Lemonade Blessing” (2025) revolves around the geeky teenager archetype we have seen plenty of times in American cinema. Think of Jason Schwartzman’s character from “Rushmore,” who falls in love with his teacher and naively believes that she is his soulmate. He is ready to go to any lengths, even if it means standing up against her partner. Anderson has made a career out of following similarly awkward and oftentimes socially reserved young characters who learn to grow out of their insecurities for love. Michael Cera and Jesse Eisenberg have played different shades of this exact character, whose social awkwardness often defines them.
Coincidentally, the star of “Lemonade Blessing,” Jake Ryan, comes from the Wes Anderson school of acting. After being in Anderson’s “Asteroid City” and “Moonrise Kingdom,” Ryan returns in a similarly zany comedy-drama as John Santucci, a socially inept teenager in constant crisis mode. He is a child of divorce, living with his devout Catholic mother, Mary (Jeanine Serralles), who expects him to find comfort in faith. She doesn’t want him to abandon her beliefs, let alone disregard them. Her faith puts a lot of pressure on this young kid, who seems to have never had a single original thought.

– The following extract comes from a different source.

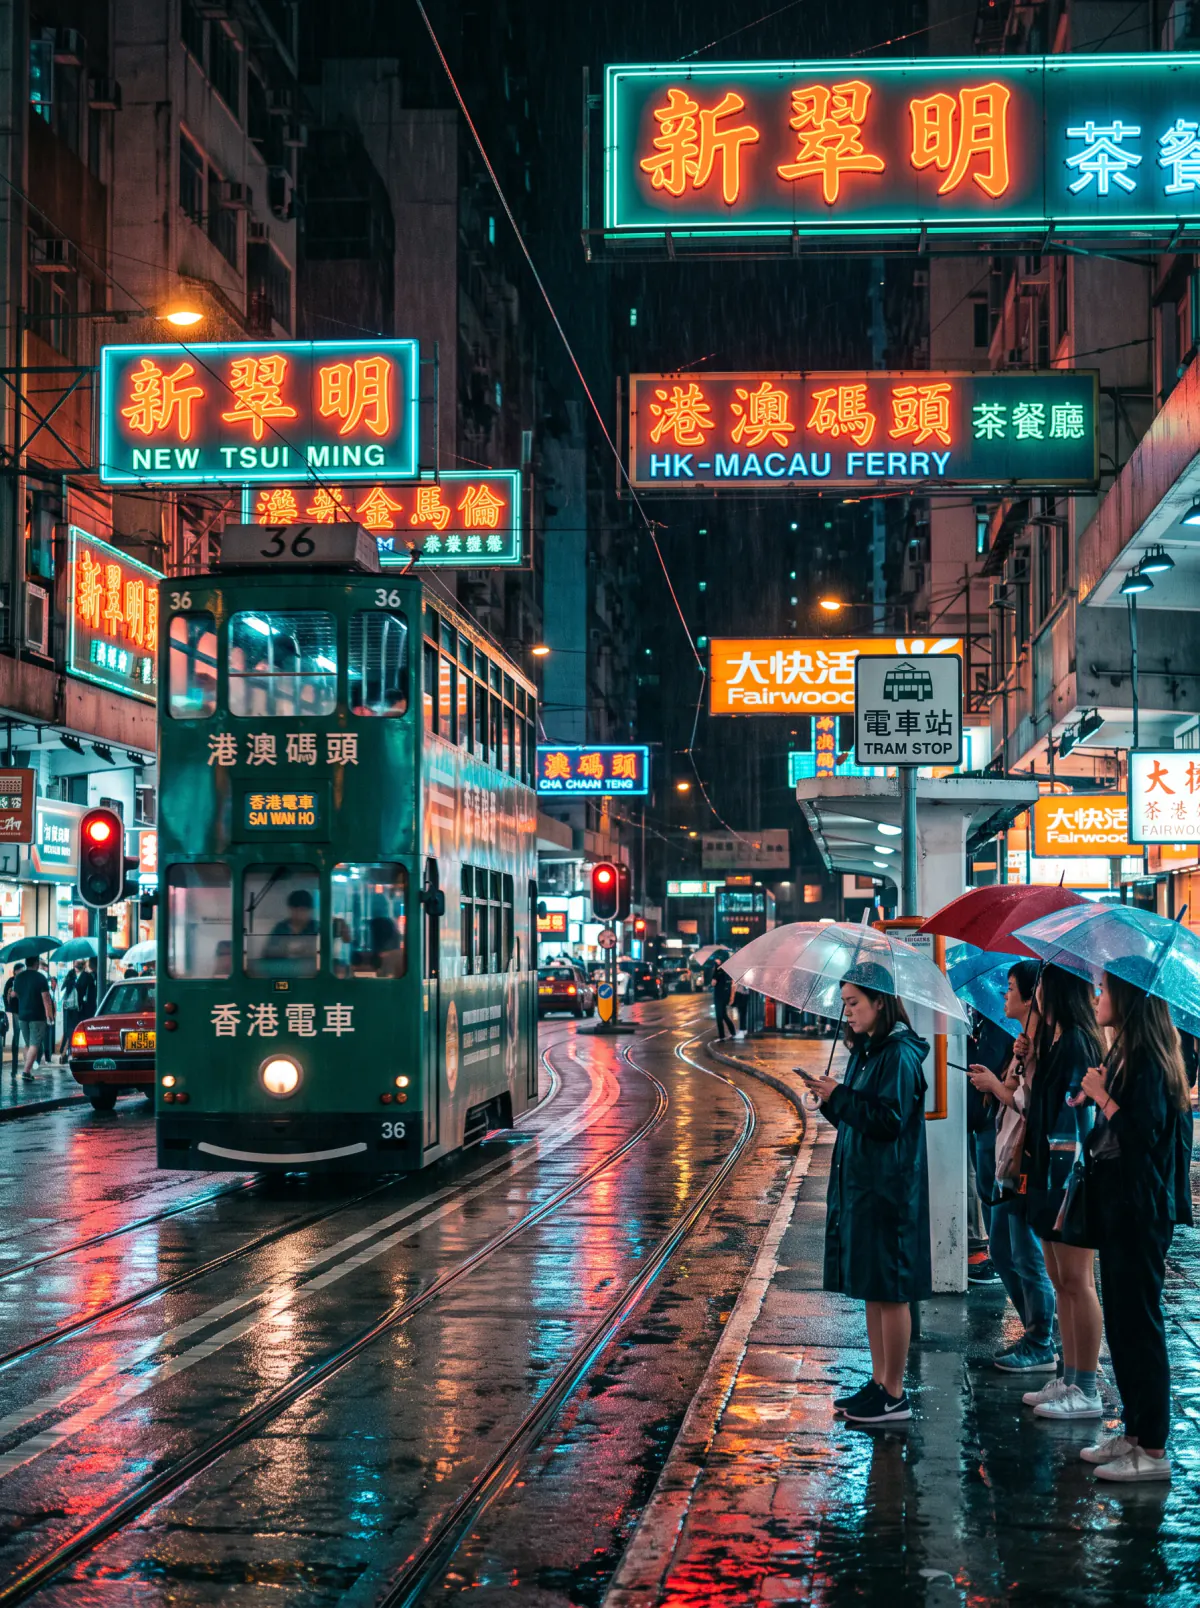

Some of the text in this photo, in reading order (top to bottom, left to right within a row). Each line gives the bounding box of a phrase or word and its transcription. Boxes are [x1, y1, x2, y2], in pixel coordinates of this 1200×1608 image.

While trying to be the perfect boy for her, John steps into a new chapter of his life. He enters his high school and meets Lilith (Skye Alyssa Friedman), a sharper and rather rebellious teenager who isn’t the kindly figure he aspires to be. She is brash and upfront and doesn’t concern herself with others’ opinions of her. To John, that feels almost like a culture shock. The film makes it clear that he has lived a sheltered life and was rewarded with every comfort he sought in exchange for a blind allegiance to whoever provided for him. In his case, that’s his overprotective and overbearing mother, who doesn’t want him to do anything immoral, and to be eternally afraid of societal expectations.
John’s life seems devoid of any genuine thrill. Yet, he is blissfully unaware of that since he hasn’t been exposed to the world beyond him and his mother. There’s an inherent irony to them being afraid of people they have never even met, seen, or heard of. Regardless, for them, faith isn’t solely an exercise for social acceptance. It’s also a crash correction course based on their past. She hopes he grows up to be a generous and selfless man and believes that a rigid value-based system can provide him with a moral backbone. It keeps his behavior in check, but also painfully detached from how that exact rigidity can affect others.

John seems to have never doubted his faith until he meets Lilith. She seems like everything he isn’t. So, as a pubescent boy with surging desires, he can’t help but fall for her. The film handles this part of his coming-of-age arc as him breaking out of his shell and coming into his own. It presents his self-exploration journey with every bit of cringeworthy awkwardness that most of us feel at this point in our lives. The script takes him to absurd places as he tries to do everything he can to be with her.
Like every classic coming-of-age film, Chris Merola’s film is about the first time a kid feels every romantic cliche they know. It is about John’s sense of liberation as he learns about a world beyond his immediate reality. “Lemonade Blessing” goes through the genre beats of similar dramas but stays limited in those trappings. When it comes to exploring John’s friends’ circle, the film offers nothing strikingly different. It almost feels like a Gen Z version of “Superbad,” but not as memorable or even as cleverly subversive as Emma Seligman’s “Bottoms.”
Unlike that, Merola’s film excels in decoding the stage where John and Lilith go through their moments of revelation. Merola’s direction shines in that stretch of the third act, which feels like the perfect culmination point of everything they have been through. Although the moment of profound realization in their lives, it never shows that as a moment of triumph. Instead of comforting lies, it leaves them with a bittersweet tinge of self-awareness that ties in everything they learn about faith, gender, and upbringing.
Although John is focused as the protagonist, it’s Lilith who steals the spotlight, largely because of Friedman’s mature performance. The screenplay rarely shows Lilith as more than a projection of the manic pixie trope — as a girl who is there to make John feel fulfilled and have a revelatory arc. Yet, Friedman’s sincere performance adds many layers to Lilith’s personality as she exposes the institutions that he holds dear. These institutions often preach freedom but exercise control. Yet, instead of indicting them all, the film observes the people who gravitate toward it or are affected by it. Overall, it becomes a raunchy and oftentimes charming depiction of puberty, but rarely rises above its stylistic inspirations.